Location
- 403 Panther Drive Fouke, Arkansas 71837 United States 33°15′47″N 93°53′1″W﻿ / ﻿33.26306°N 93.88361°W

Information
- Type: Public secondary
- School district: Fouke School District
- NCES District ID: 0506360
- CEEB code: 040840
- NCES School ID: 050636000380
- Principal: Amanda Whitehead
- Faculty: 51.49 (on FTE basis)
- Grades: 9–12
- Student to teacher ratio: 6.51
- Campus type: Closed
- Colors: Purple and gold
- Song: Hail, hail to our Panthers
- Fight song: We’re going to fight, fight, fight For ole Fouke High
- Athletics conference: 3A 6 (football), 3A 7 (basketball) (2012–14)
- Mascot: Panther
- Team name: Fouke Panthers
- Website: www.foukepanthers.org

= Fouke High School =

Fouke High School is a secondary school in Fouke, Arkansas, United States. The school is the only secondary school serving grades 9 through 12. It is one of three public high schools in Miller County and the sole high school in the Fouke School District. For the 2010–11 school year, Fouke High School supported more than 300 students and employed more than 23 educators on a full time equivalent basis.

== Academics ==
The assumed course of study follows the Smart Core curriculum developed by the Arkansas Department of Education (ADE), which requires students to complete at least 22 units to graduate. Students complete regular courses and exams and may self-select Advanced Placement (AP) coursework and exams with the opportunity for college credit. The school is accredited by the ADE.
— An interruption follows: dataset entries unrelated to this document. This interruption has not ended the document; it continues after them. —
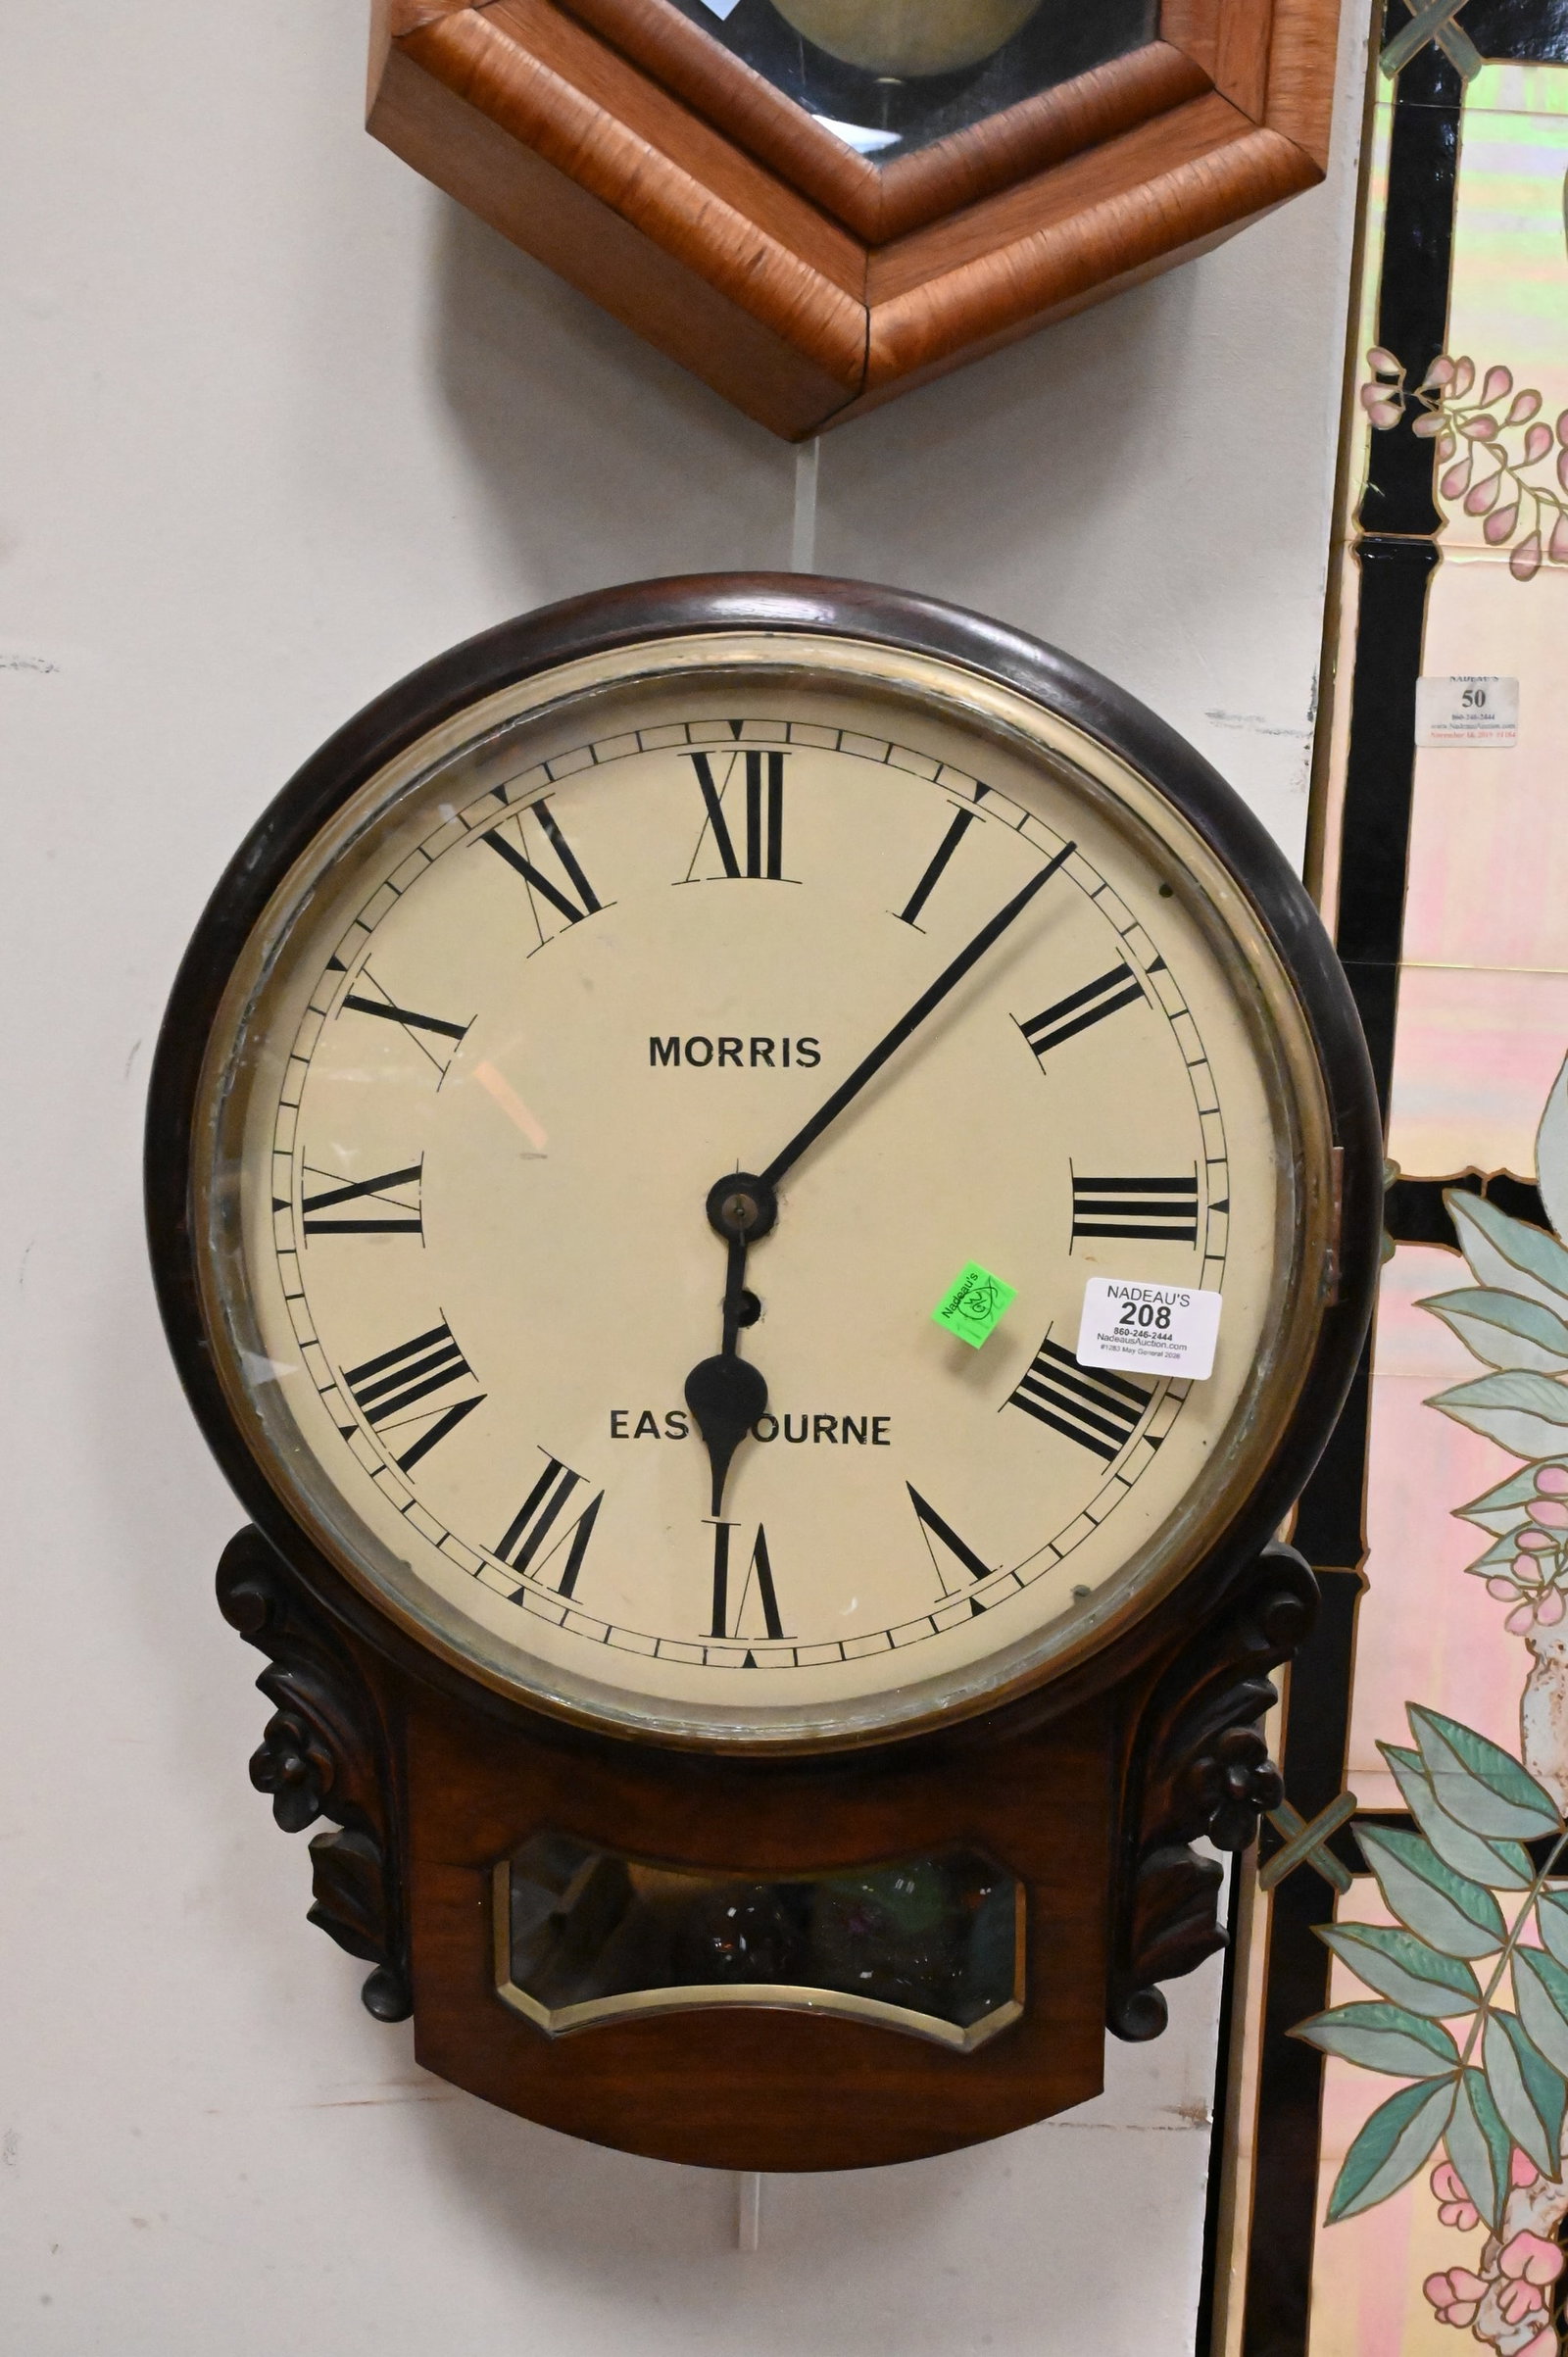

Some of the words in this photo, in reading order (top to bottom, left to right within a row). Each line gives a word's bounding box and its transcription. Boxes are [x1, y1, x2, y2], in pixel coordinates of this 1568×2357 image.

[1461, 689, 1486, 708] 50
[671, 750, 803, 886] XII
[886, 800, 986, 934] I
[466, 792, 618, 958] XI
[335, 953, 478, 1093] X
[649, 1036, 821, 1068] MORRIS
[1009, 947, 1153, 1075] II
[302, 1146, 425, 1250] IX
[1069, 1156, 1199, 1255] III
[941, 1273, 979, 1319] Nadeau's
[1097, 1333, 1187, 1350] NadeausAuction.com
[1107, 1286, 1191, 1307] NADEAU'S
[1113, 1327, 1173, 1341] 860-246-2444
[1119, 1301, 1171, 1329] 208
[338, 1306, 488, 1485] VIII
[1121, 1347, 1136, 1355] May
[611, 1409, 891, 1446] EASOURNE
[479, 1446, 605, 1605] VII
[906, 1481, 1004, 1603] V
[699, 1520, 798, 1640] VI
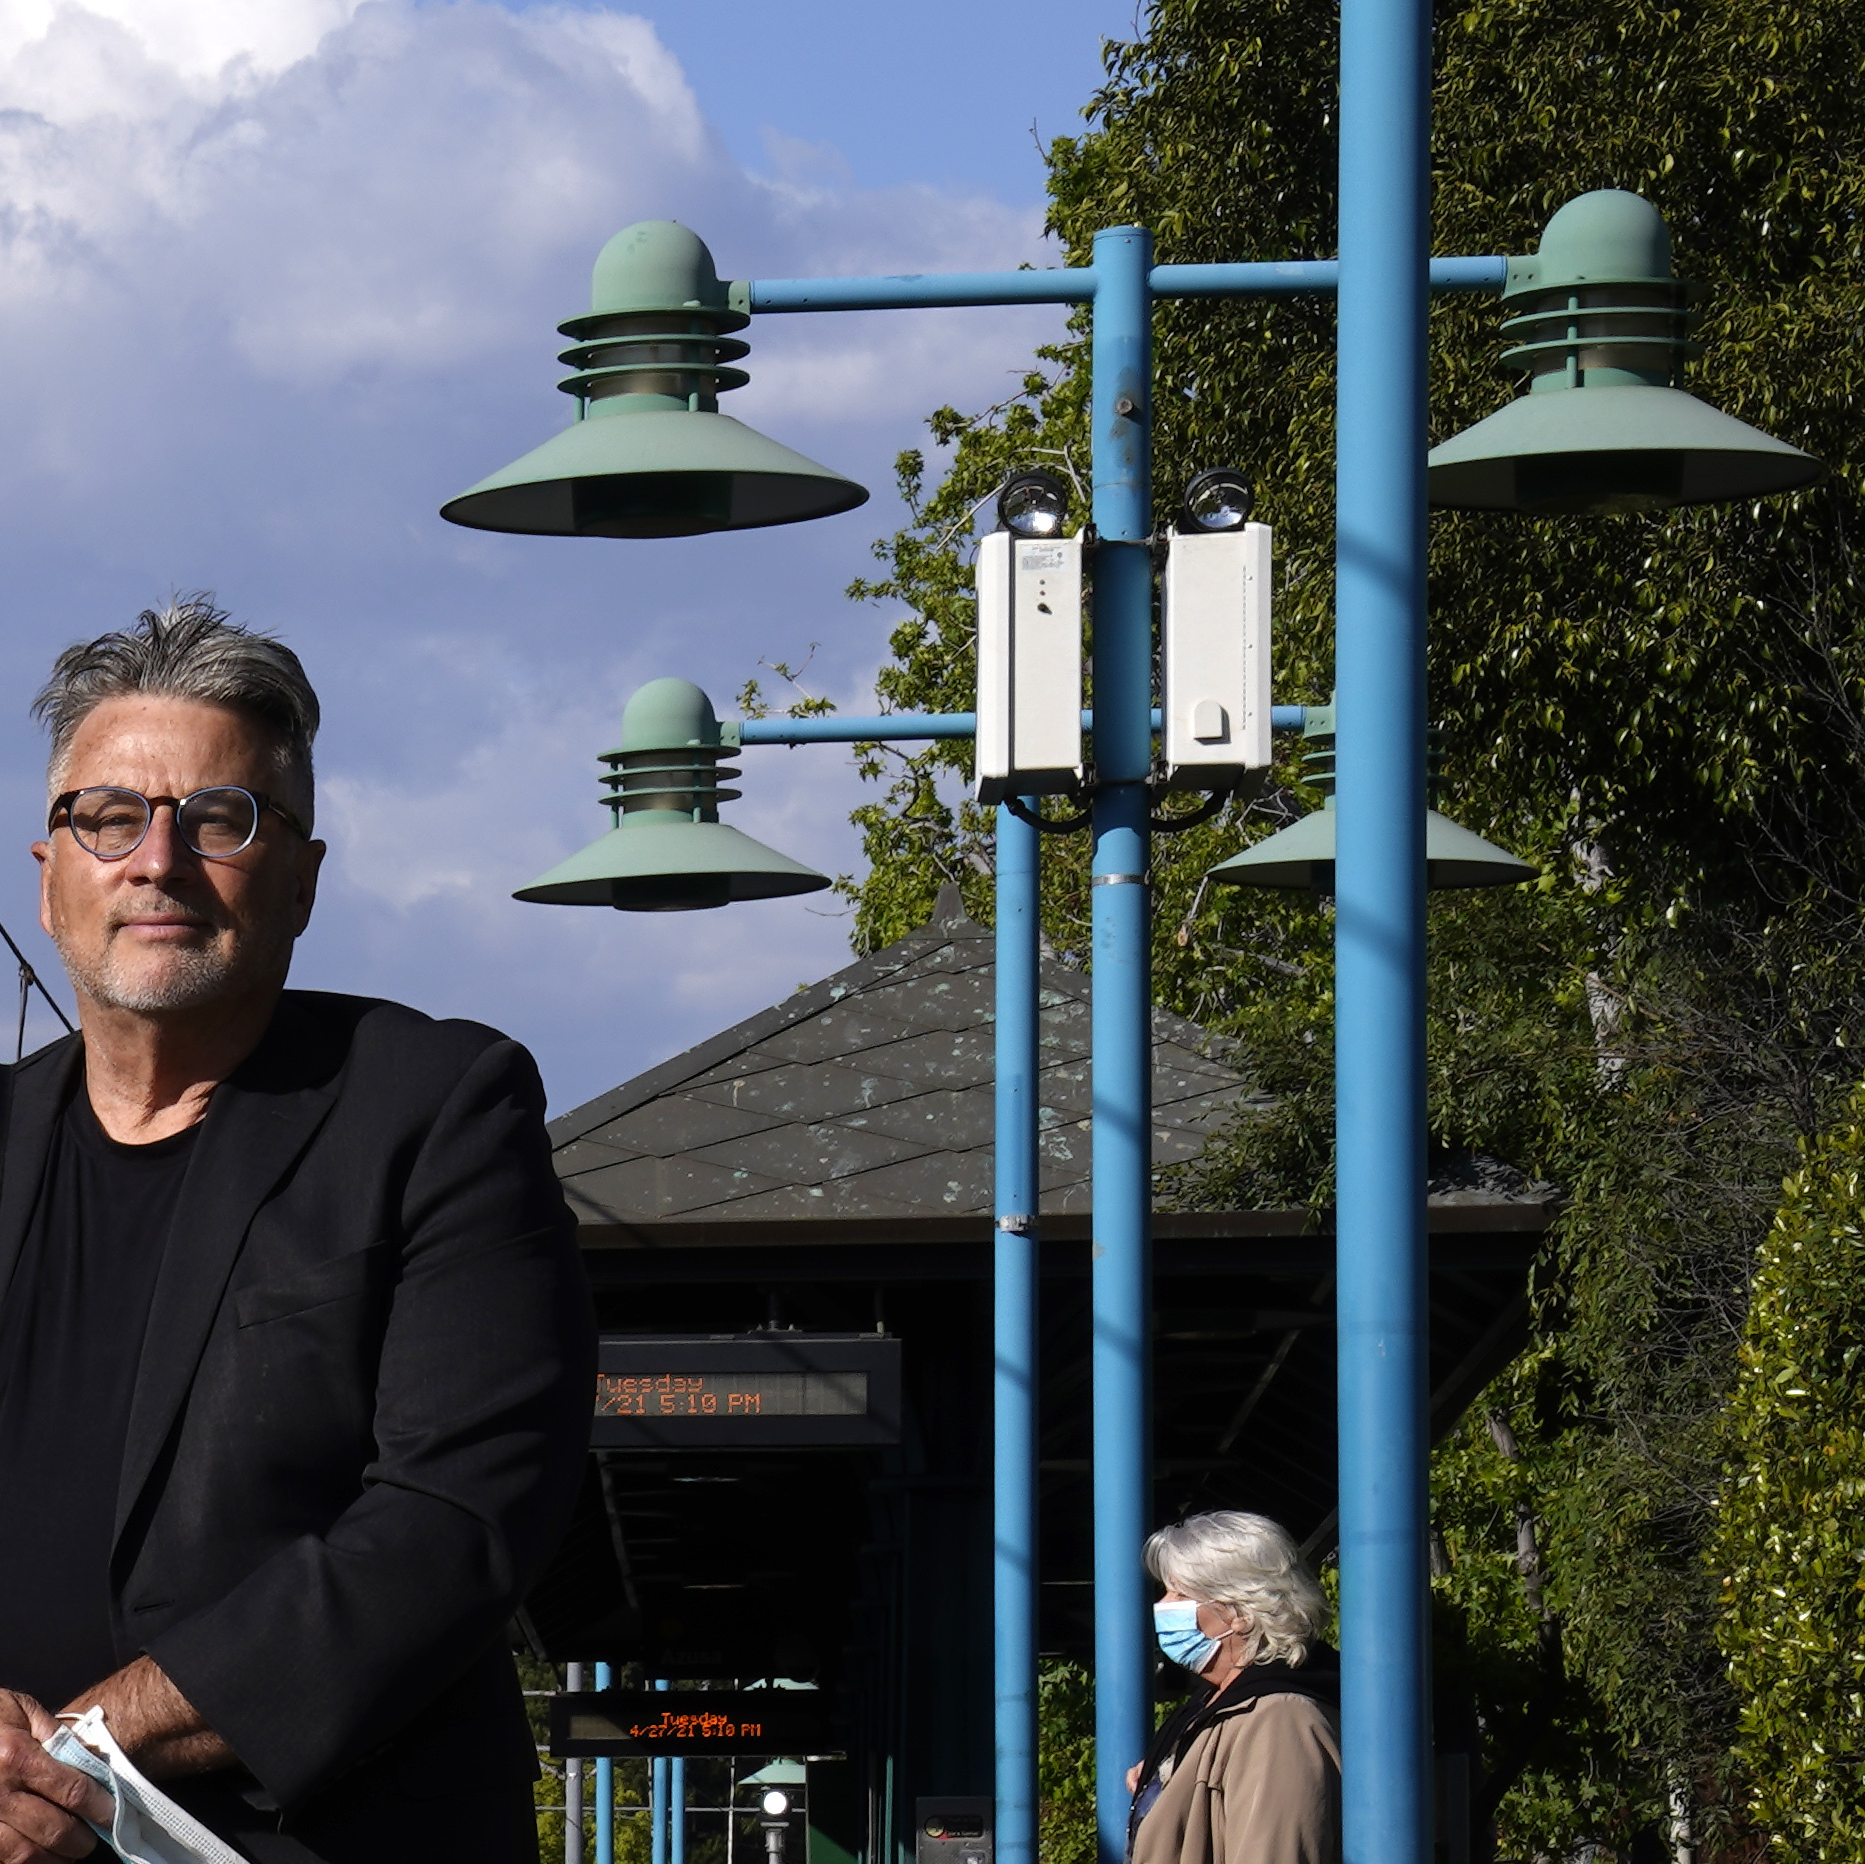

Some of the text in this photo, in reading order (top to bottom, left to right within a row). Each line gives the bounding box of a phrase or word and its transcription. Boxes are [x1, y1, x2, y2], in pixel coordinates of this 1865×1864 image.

[596, 1372, 704, 1394] Tuesday
[596, 1393, 762, 1415] /21 5:10 PM
[660, 1711, 728, 1725] Tuesday
[629, 1723, 762, 1738] 4/27/21 5:10 PM
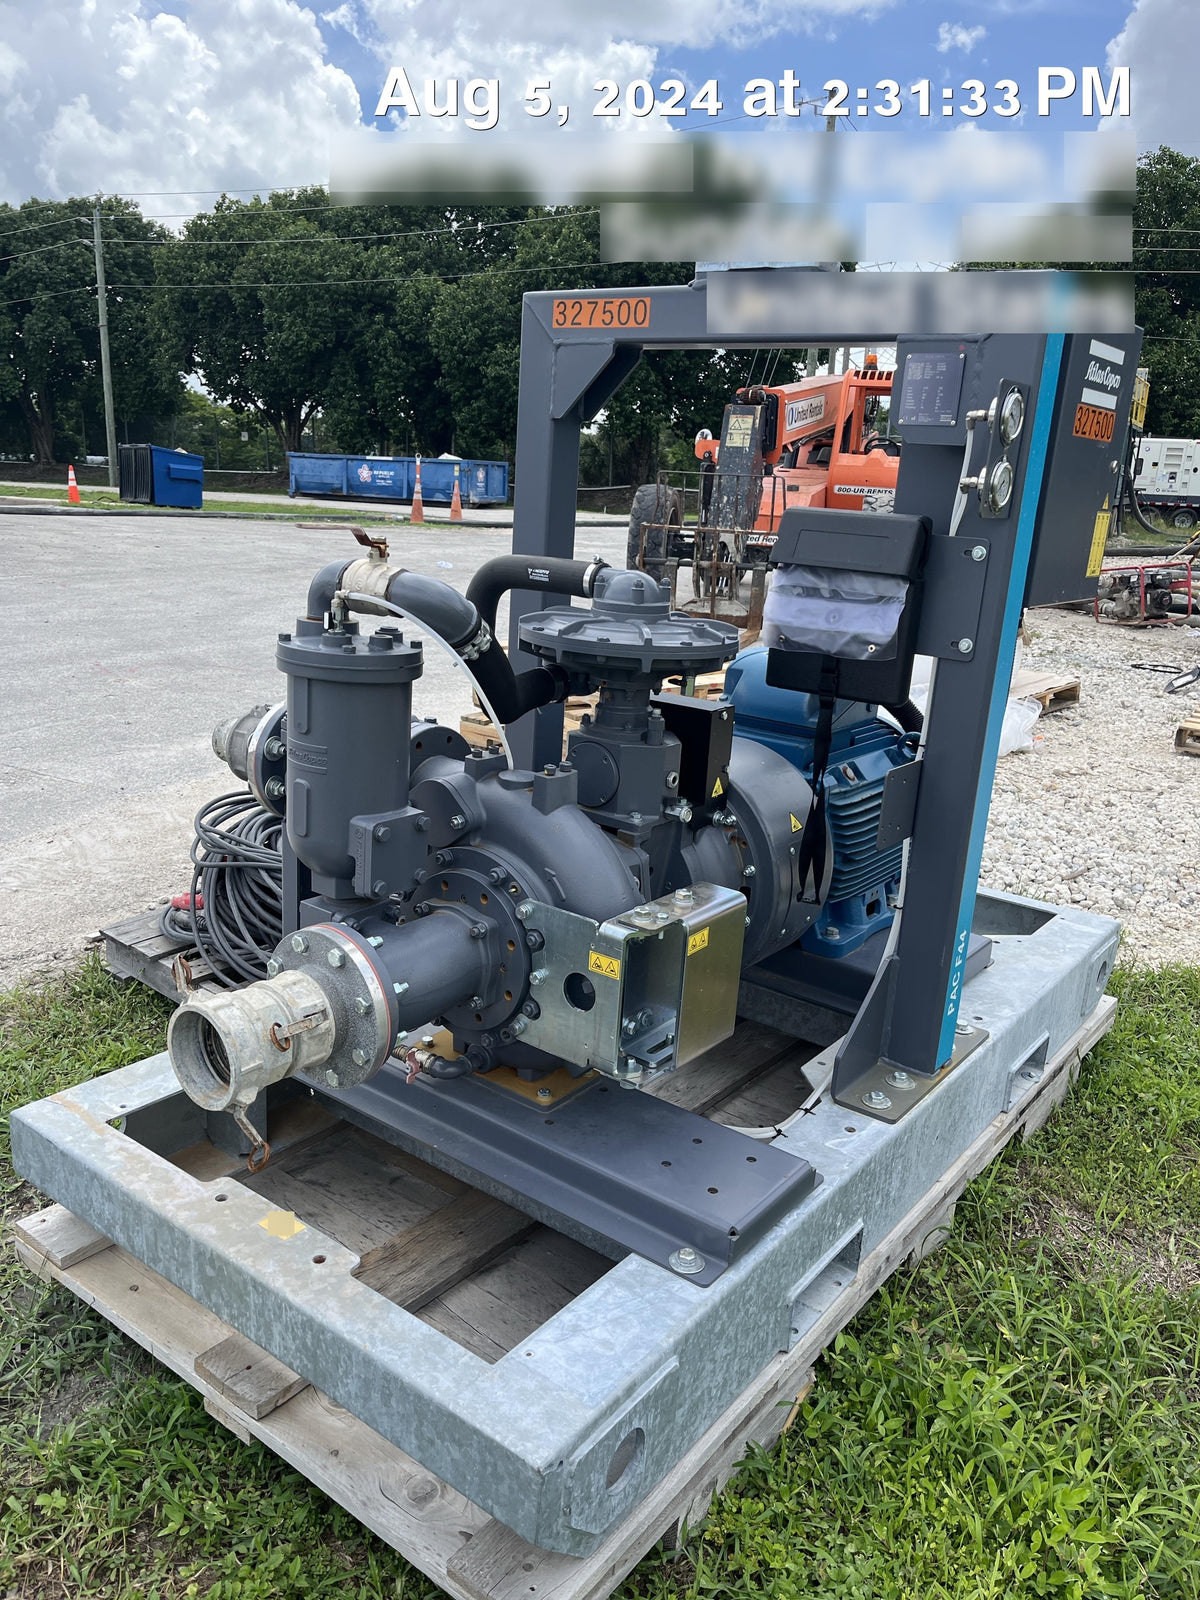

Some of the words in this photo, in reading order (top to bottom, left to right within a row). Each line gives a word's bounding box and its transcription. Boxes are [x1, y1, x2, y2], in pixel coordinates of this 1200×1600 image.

[555, 300, 648, 326] 327500
[1084, 360, 1105, 384] Atlas
[1103, 366, 1122, 391] Copco
[1074, 406, 1115, 441] 327500
[948, 971, 960, 1015] PAC
[955, 929, 967, 967] F44
Students who complete either the Smart Core or Core curriculum and maintain a 2.75 GPA qualify for the Honor Seal on the graduation diploma.

== Athletics ==
The Fouke High School mascot is the Panther with purple and gold serving as its school colors.

For 2012–14, the Fouke Panthers compete in the 3A Classification in the 3A Region 6 (football) and 3A Region 7 (basketball) conferences as administered by the Arkansas Activities Association (AAA). The Panthers participate in football, baseball, softball, and track (boys/girls).

- Baseball: The baseball won a state baseball championship in spring 1999.

A trap shooting team competes as a member of the Arkansas Youth Sports Program (AYSSP) South Region administered by the Arkansas Game and Fish Commission.